Paradoxically I'd fly a plane and sooner or later I'll learn to do it, and not in a sim, but I'll have to do it when my mom is dead and only if my girlfriend is by my side. We've always thought it would be romantic to die together, so that wouldn't be a problem. Definitely, it's not fear.
Edit: a cousin of mine was a pilot of Frecce Tricolori. He died in the Netherlands a lot of time ago for an engine failure, so he decided to crash in a safe spot instead of ejecting over a crowd. He always loved speedy cars and planes. That never scared me. His name was PierGianni Petri, he died in 1979. My father was in the Italian Air Force and I live in Udine, which is near Rivolto, base of Frecce Tricolori. when Piergianni died I lived in Villafranca di Verona near the military airport, home of 3° Stormo. Planes don't fascinate me, flying does.
Why would you want to understand such things? Whenever I try to understand why someone wants to be a real life racer, I find their reasons irrilevant for me... Fame, money, women, love of cars, competitivity...

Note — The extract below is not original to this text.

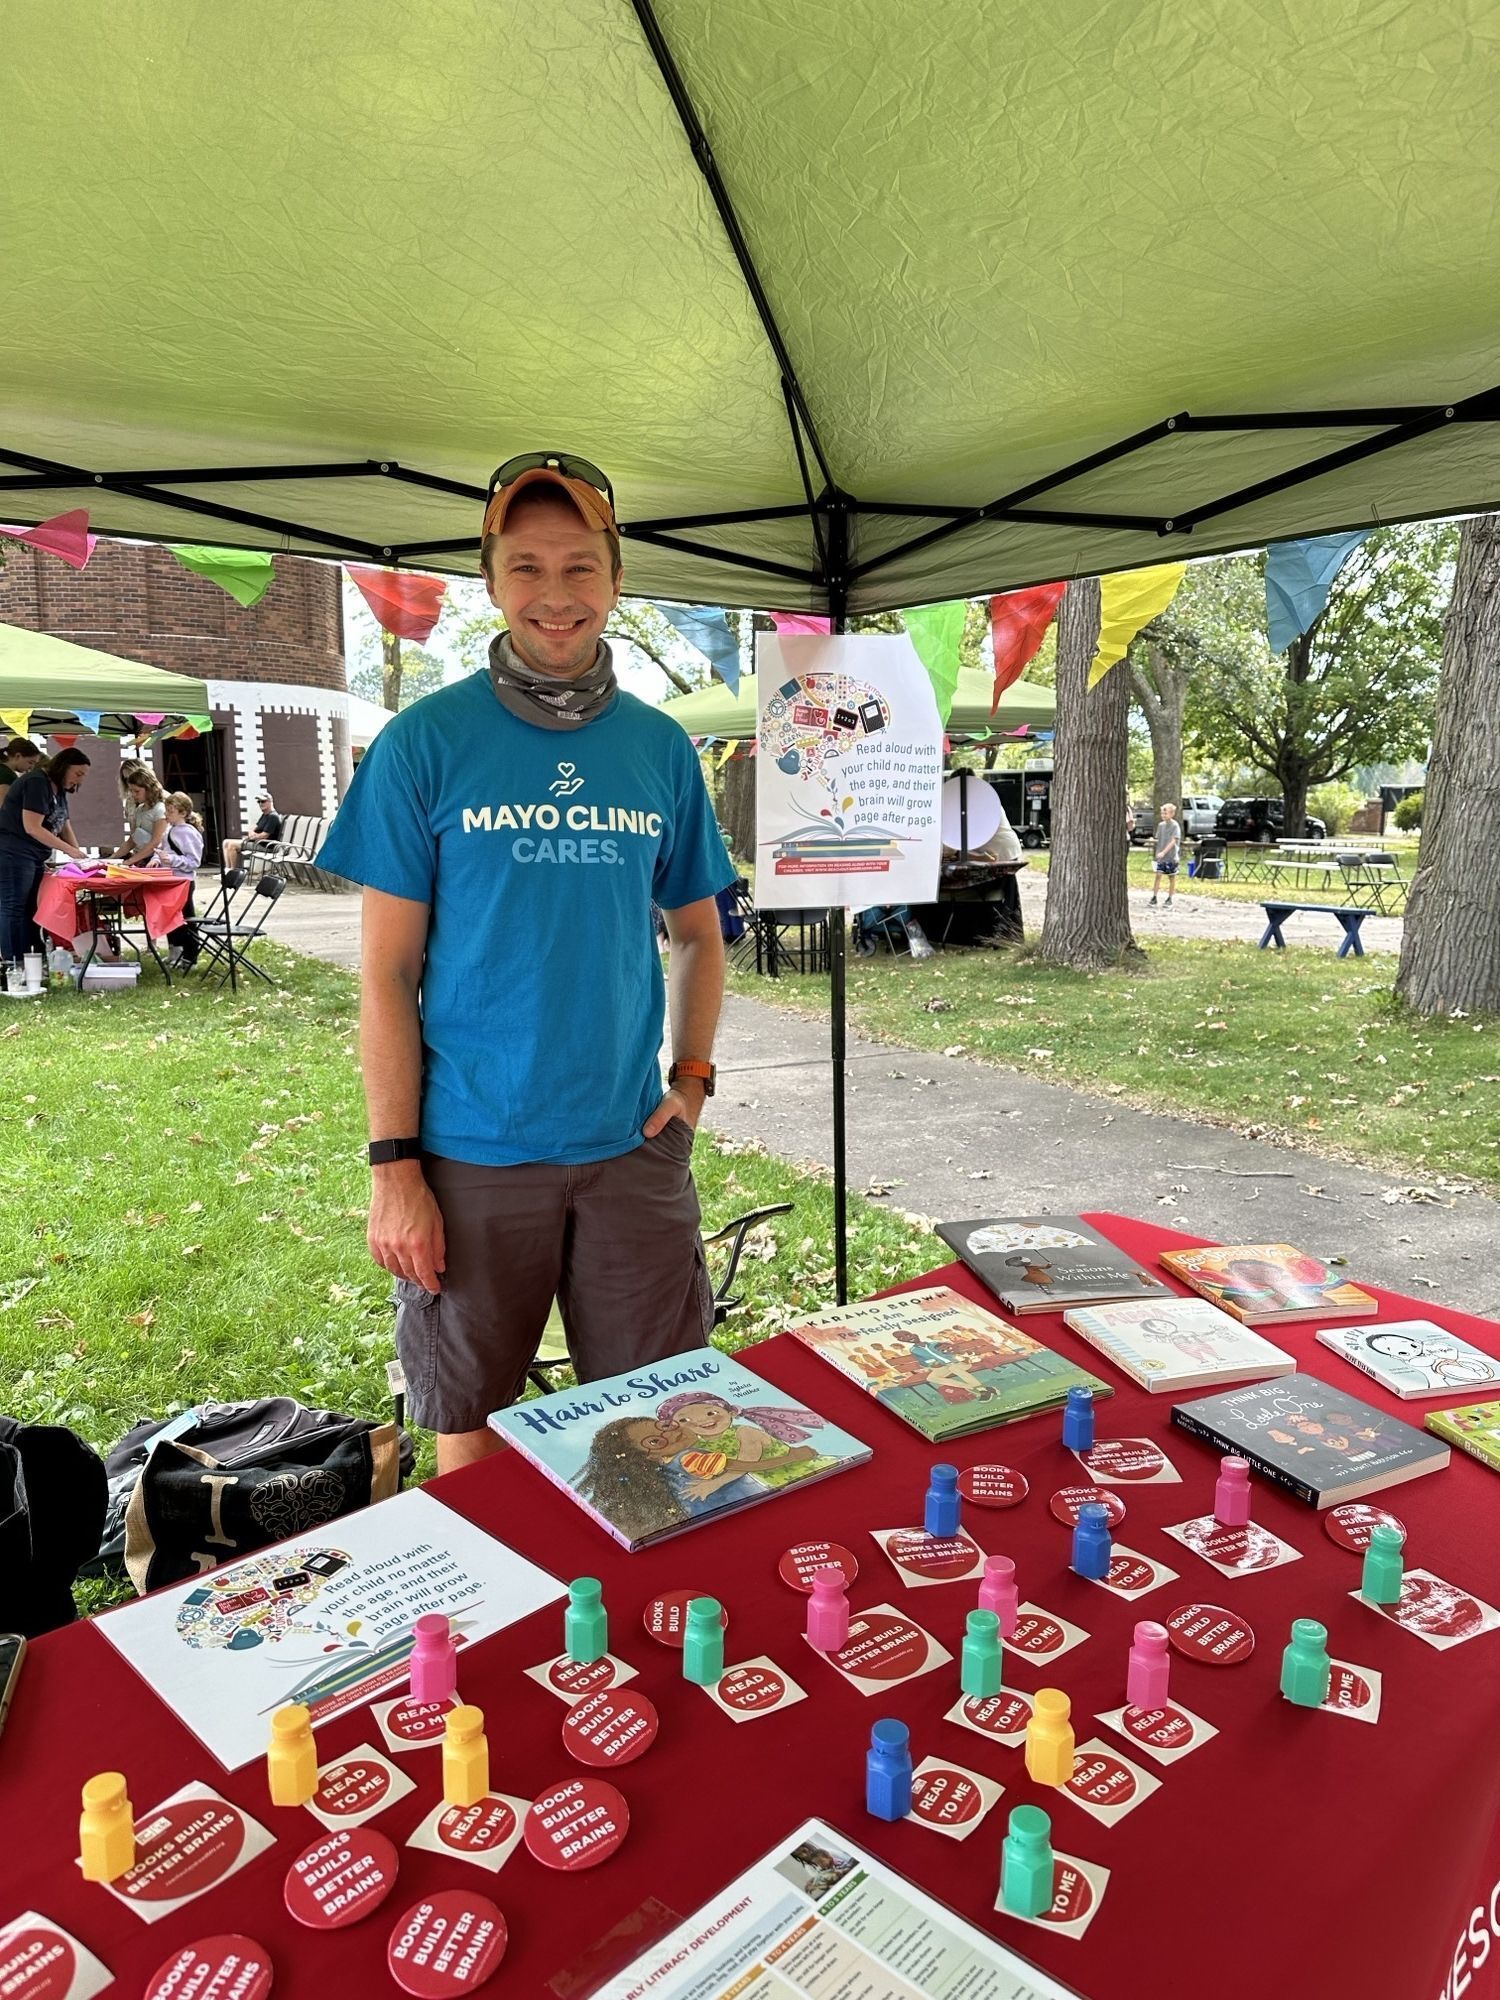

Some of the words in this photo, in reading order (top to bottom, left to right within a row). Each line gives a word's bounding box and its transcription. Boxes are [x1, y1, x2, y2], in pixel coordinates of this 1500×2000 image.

None of these things is good enough for me to want to be a real life racer. But I like the additional immaterial layer of virtual reality when it comes to something I'm only marginally interested in real life, it fascinates me for a countless numbers of reasons. I'd drive a sports car gladly just to try, but nothing more than that. I'm quite comfortable with my life, but if someone asked me if I'd prefer to be - if I wasn't myself - Tim Berners Lee or Michael Schumacher, I'd say Tim Berners Lee instantly.
Knowledge and fun are the keys, for me. LFS is for me a better way to the knowledge and fun I'm interested in. I recognise that my reasons may be at the same time impossible and easy to understand, but I would say the same of yours.
So personally I try not to question other's people interests because if you want you'll always find something better for someone else to do depending on your logic/tastes, if you really want, although doing so you may forget that each human being is unique, and so are his/her reasons.
Edit: and Blueflame, if I believed in ignore lists you'd be one of the very few having the honour of getting in, since you always try to stir up trouble. When you get it please don't be offended. You were looking for it.
It depends on the type of connection, really. PPPoE needs an MTU of 1492 (standard value), while PPPoA 1500. Packet fragmentation issues generally lead to performance decrease, but in most cases this decrease can be barely noticeable since network appliances (including nics or OSes handling nics) generally do a good job at reassembling packets. For sure it's some added strain, however, that can be easily monitored with Wireshark (which does a good job at identifying packet fragmentation and reassembly).
If the BT Home Hub is half a serious router, it should give the possibility of adjusting MTU too. Generally this would be needed only to lower it down to 1492 if PPPoE is used, or if - for whatever reason - the provider uses non-standard values. In Italy Tele+ needs some adjusting of this sort for some business users since they use a traffic shaping technique that needs lower MTU values.
Hubs don't have IP addresses. Maybe you're not using the correct term.
A simple cable tester doesn't help, really. I doubt it's a cable problem, but unless you use a Time Domain Reflectometer you're not going to really see if the cables are fit for network traffic or not.
Whatever the network appliance having IP address 192.168.1.254 is, it shouldn't time out with pings unless there's a really heavy network traffic, or a nic jamming it (or, again, if it's faulty): it happened to me, for instance, when I used a single STP-FTP on a 3com Superstack 3300: all the network traffic slowed down to a crawl, even if all the other UTP cables were fine. The cable tester didn't complain about the cable.
I doubt you have a problem with cables, but if you test with pings some network appliance ensure you only have the testing pc connected. The simpler things are, the faster you'll recognise the faulty equipment. So, once you know something is good, write it off: experiment combinations later.
Also try to meter your network , you may have a nic generating extremely high traffic.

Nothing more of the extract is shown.